Start of Exercise data
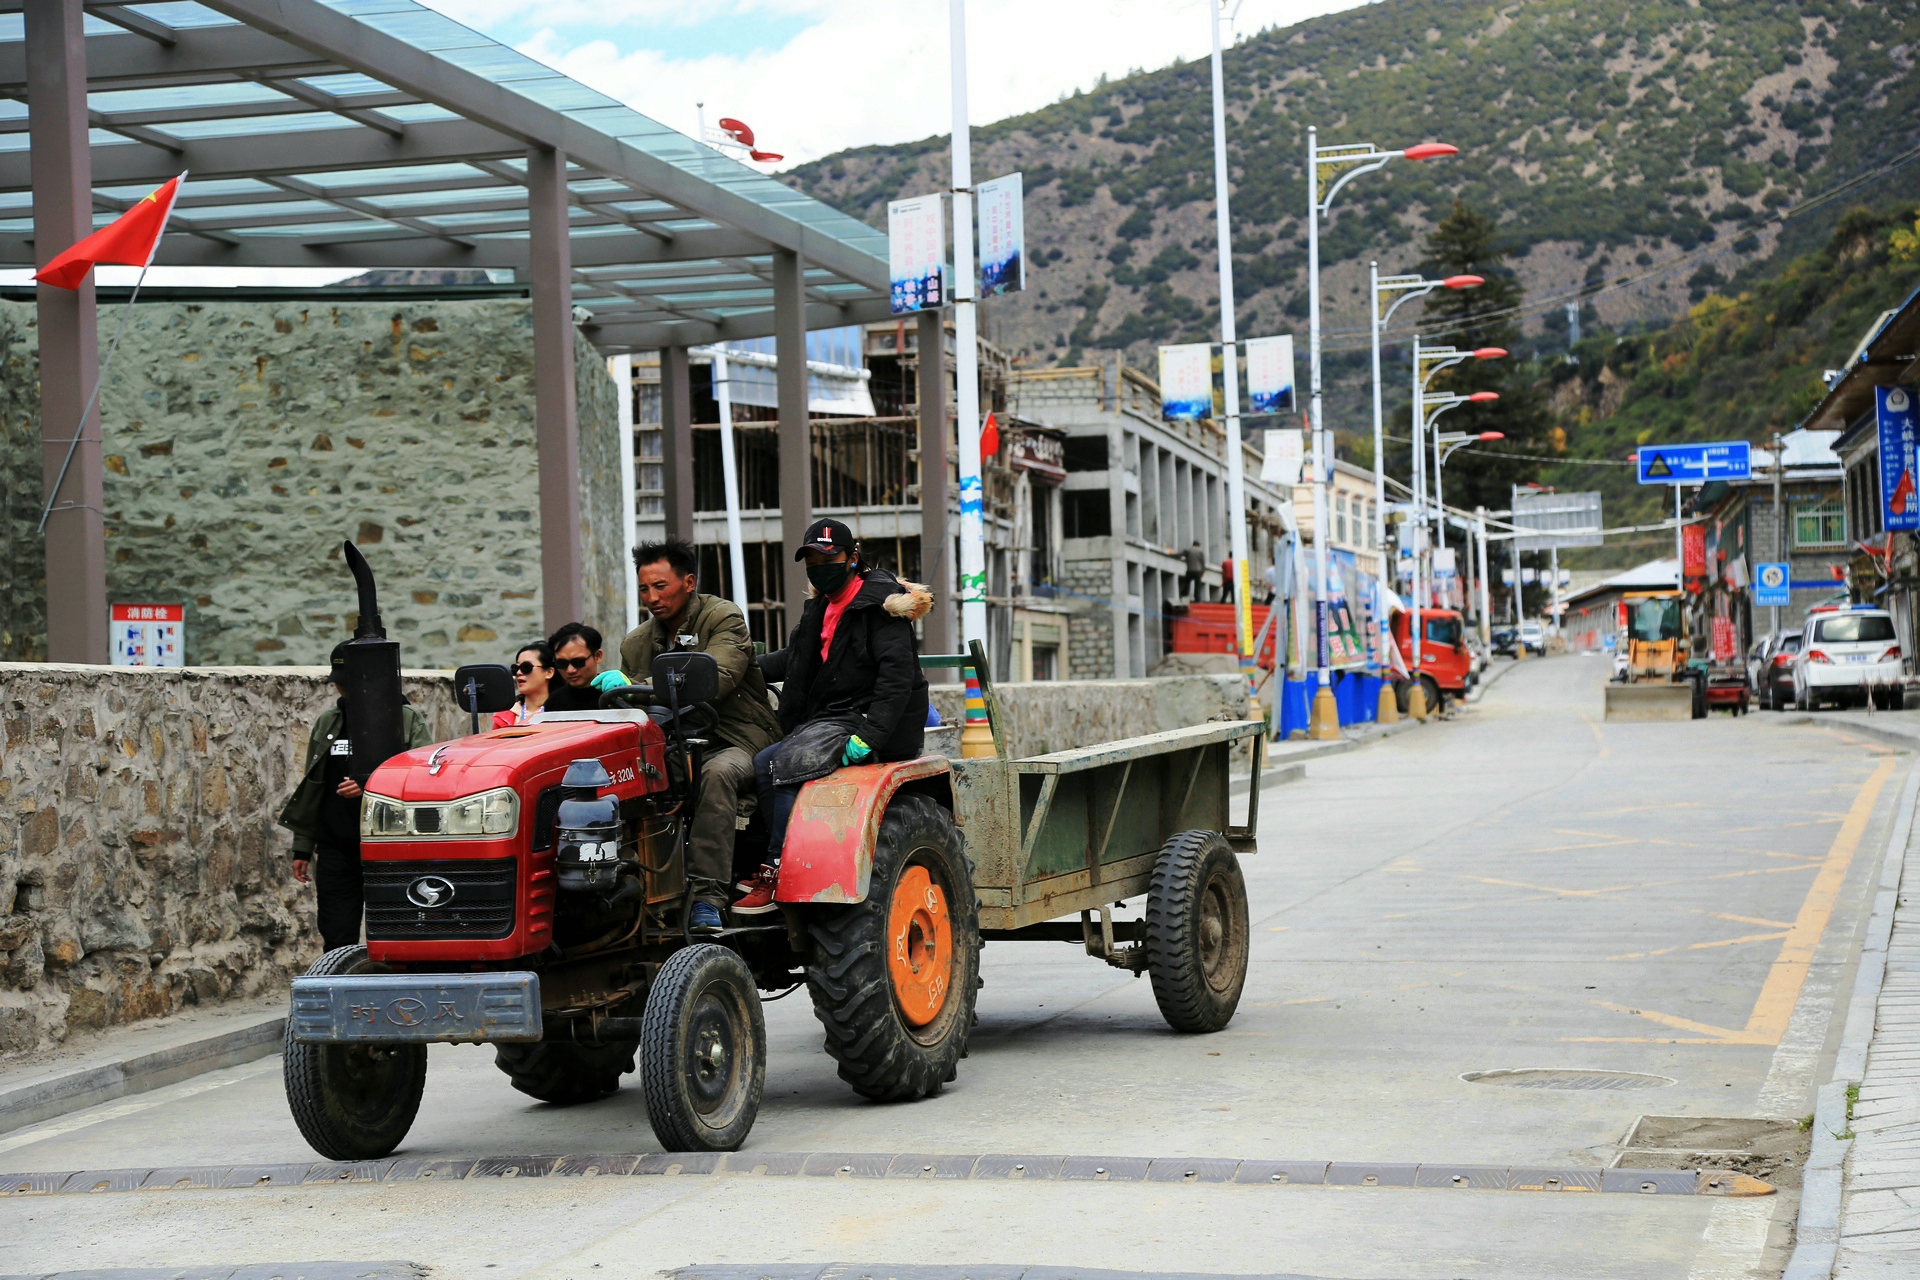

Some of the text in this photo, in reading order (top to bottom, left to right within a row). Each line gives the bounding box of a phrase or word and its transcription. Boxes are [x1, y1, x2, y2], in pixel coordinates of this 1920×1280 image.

[127, 606, 168, 619] 消防栓
[617, 767, 635, 783] 320A
[349, 1000, 464, 1023] 时 风
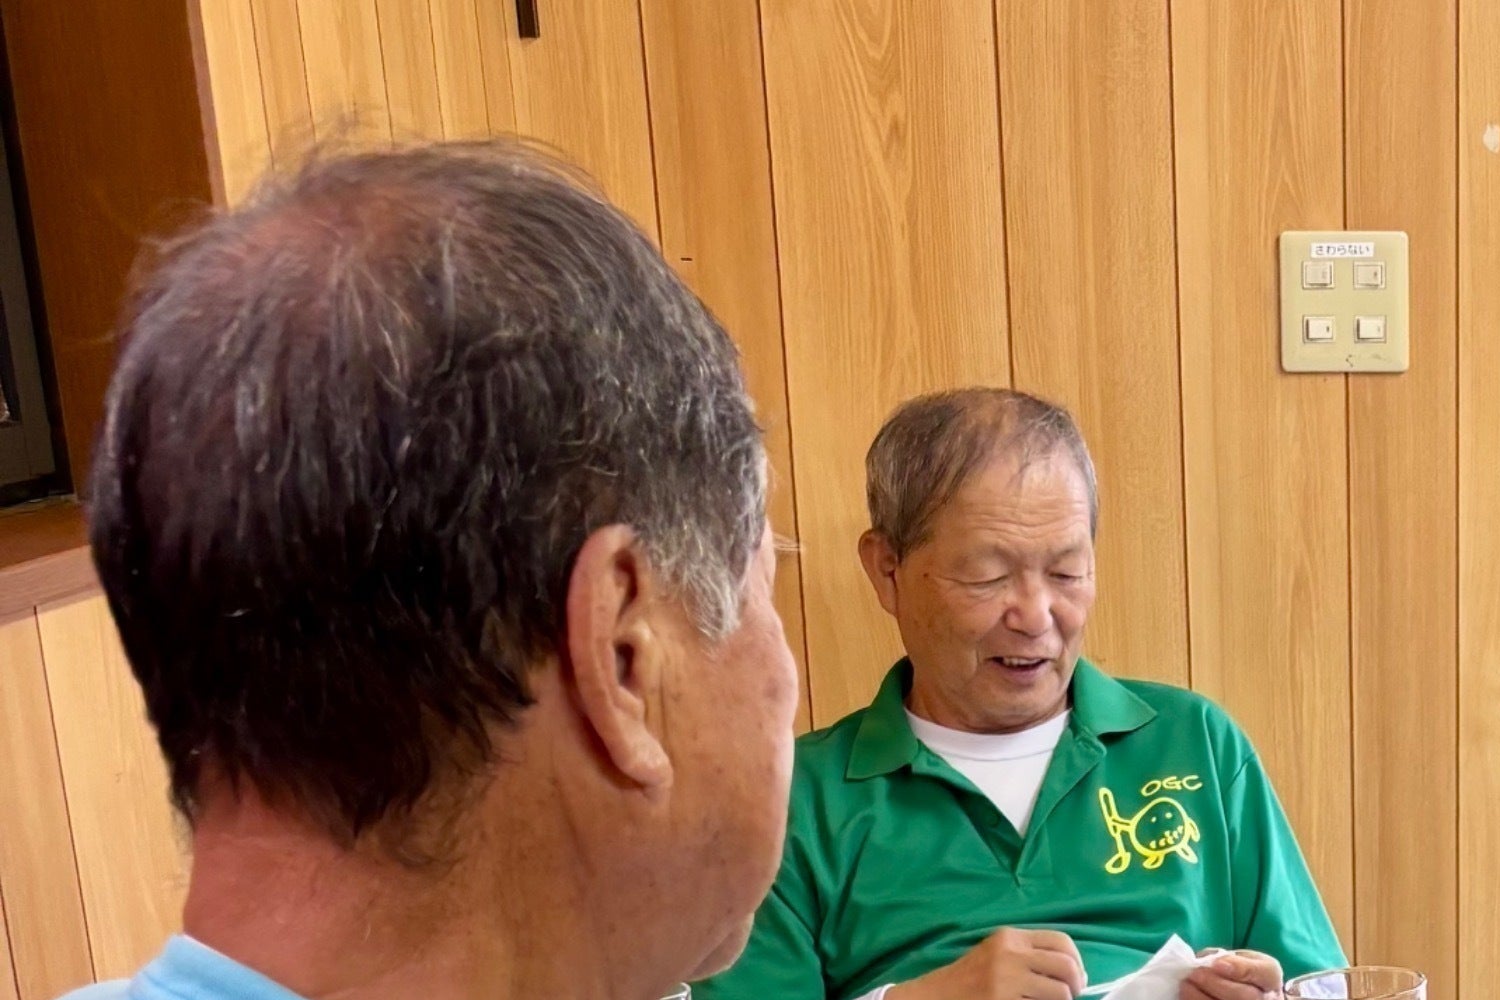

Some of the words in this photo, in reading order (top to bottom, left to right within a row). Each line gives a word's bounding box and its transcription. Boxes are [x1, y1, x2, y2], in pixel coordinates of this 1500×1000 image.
End of Exercise data
- **What you should do**
Here the job is to repeat the entries verbatim while leaving all pictures out.

- **Result for this exercise**
Some of the text in this photo, in reading order (top to bottom, left to right within a row). Each line gives the bounding box of a phrase or word and its transcription. Boxes are [x1, y1, x2, y2], in pixel coordinates of this 1920×1280 image.

[127, 606, 168, 619] 消防栓
[617, 767, 635, 783] 320A
[349, 1000, 464, 1023] 时 风

Some of the words in this photo, in reading order (top to bottom, left to right within a row). Each line gives a word's bounding box and its transcription. Boxes are [x1, y1, x2, y2], in pixel coordinates of this 1500×1000 image.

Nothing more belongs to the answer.